Today, Dallal’s voice is still laced with the anguish of the scars that refuse to fade. Part of the reason, she said, is because her story — and that of close to a million others — never received the recognition it deserved. The Jewish exodus from Arab lands “is a black hole in history; no one ever touched it,” she said. “Our history is almost deleted, our narrative is absent,” she said, before quietly adding, “and we have mostly ourselves to blame.”
For decades, Dallal, like so many other Iraqi and Mizrahi Jews, was silent about her past. Ironically, it was only when she became involved in Israeli-Palestinian coexistence initiatives in 2011 that she broke her silence.
During one summit, the moderator began drawing parallels between the Holocaust and the Nakba (catastrophe) — the term for the displacement of Palestinians after the establishment of the State of Israel in 1948.
The discussion sparked Dallal’s ire. “It is forbidden to make that comparison,” she said. “The Holocaust was the result of Nazi hatred toward Jews while the Arab Nakba was the result of war and had nothing to do with anti-Islamism or anti-Arabism.”
There are, however, parallels to be drawn between the Arab Nakba and what Dallal calls the Jewish Nakba, Dallal said. “I use that term because we too were entrenched in Arab culture and language,” she said, adding that Babylonian Jewry had a rich heritage dating back 2,500 years.

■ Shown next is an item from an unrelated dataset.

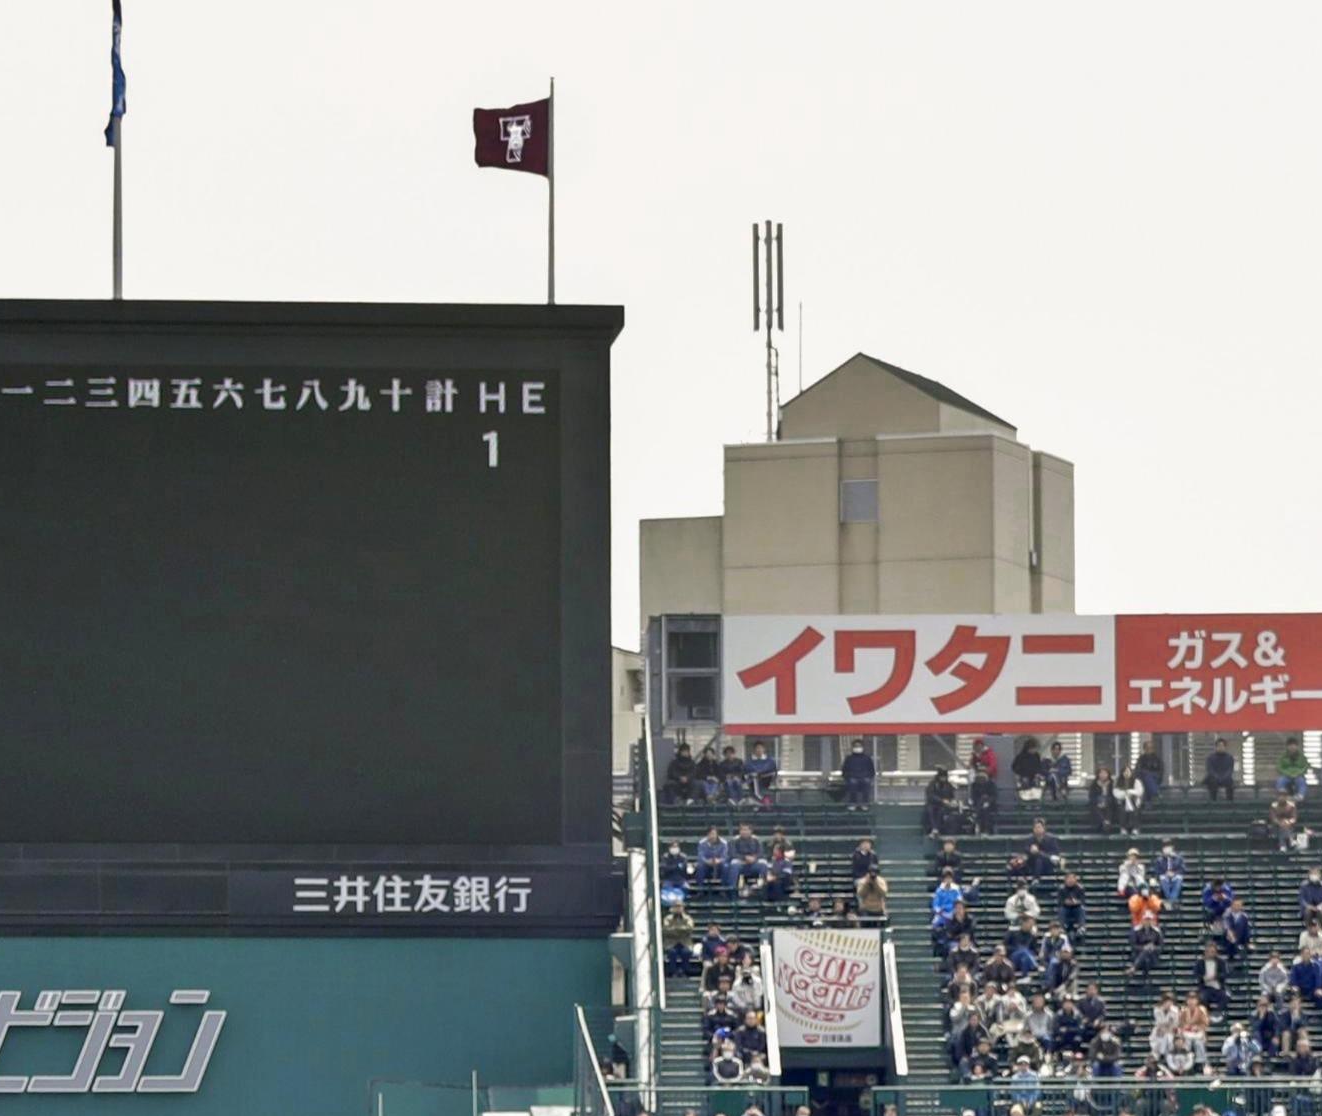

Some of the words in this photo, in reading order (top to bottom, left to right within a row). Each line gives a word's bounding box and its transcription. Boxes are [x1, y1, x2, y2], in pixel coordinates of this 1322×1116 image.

[481, 430, 500, 468] 1
[1167, 630, 1285, 670] ガス&
[736, 625, 1102, 716] イワタニ
[292, 873, 533, 913] 三井住友銀行

The coexistence summit, she said, made her realize, “I’m transparent, I don’t exist. So how can there be coexistence if I don’t exist?” For the first time, she delivered a stirring account of her suffering. The moderator, she said, was diplomatic but aloof, vaguely promising to include the topic in future sessions. Absurdly, Dallal said, it was the Palestinians who seemed to be the most affected by her story.
These days, Dallal works tirelessly to exhume the long-buried story of the Mizrahi community that comprises well over half of Israel’s population. And in 2014, Dallal celebrated a small victory when Israel established an annual memorial day marking the expulsion of Jews from Arab countries and Iran.
Despite her trauma, Dallal remains hopeful about the future. “Jews from Arab countries can be the best bridge between the two sides of this conflict,” she said.